Importance pour les personnes lésées et les experts

Pour les personnes lésées, l'indemnisation fictive offre de la flexibilité : elles conservent le pouvoir de décision sur leur véhicule. Elle est en même temps la cible privilégiée des réductions opérées par les assureurs – une expertise détaillée et vérifiable est donc particulièrement importante.

Pour les experts, cela signifie : le calcul doit présenter de manière compréhensible les taux horaires, les unités de travail et les prix des pièces détachées, et tenir compte des usages régionaux, afin de résister aux tentatives de réduction.

Questions fréquentes

L'indemnisation fictive est-elle légale ?

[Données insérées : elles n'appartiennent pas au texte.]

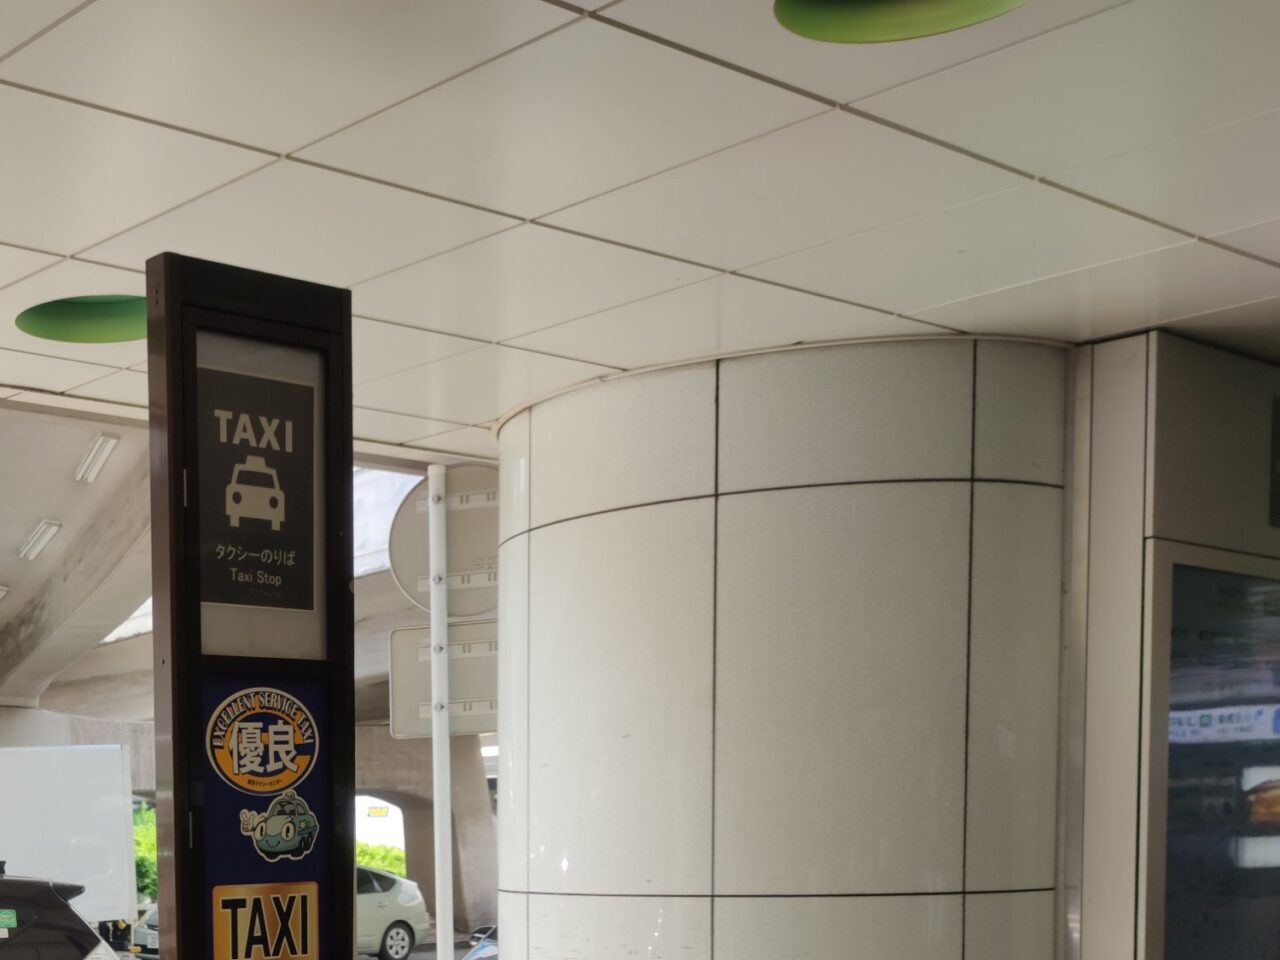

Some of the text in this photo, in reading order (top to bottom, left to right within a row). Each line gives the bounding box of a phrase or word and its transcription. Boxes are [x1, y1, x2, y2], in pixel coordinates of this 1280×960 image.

[214, 408, 294, 453] TAXI
[215, 543, 296, 567] タクシーのりば
[229, 567, 282, 586] Taxi Stop
[212, 691, 315, 747] EXCELLENT SERVICE TAXI
[228, 719, 300, 775] 優良
[221, 896, 309, 960] TAXI

Oui. Selon une jurisprudence constante, la personne lésée peut en principe décider librement d'utiliser ou non l'indemnité pour une réparation. Des limites existent surtout en matière de TVA et dans le domaine de la perte totale économique.

Est-ce que je reçois la TVA en cas d'indemnisation fictive ?

En règle générale, non. La TVA n'est remboursée que si et dans la mesure où elle est effectivement engagée – par exemple après une réparation réelle ultérieure avec facture.

L'assurance peut-elle me renvoyer vers un garage moins cher ?

Sous certaines conditions, oui : le garage de référence doit être équivalent et aisément accessible. Pour les véhicules plus récents ou entretenus sans interruption dans le réseau de la marque, un tel renvoi est en règle générale limité selon la jurisprudence.

Puis-je passer plus tard de l'indemnisation fictive à l'indemnisation concrète ?

En principe, oui. Si le véhicule est effectivement réparé plus tard, d'autres postes comme la TVA peuvent en règle générale être réclamés sur présentation des justificatifs, pour autant que la prescription et le décompte global ne s'y opposent pas.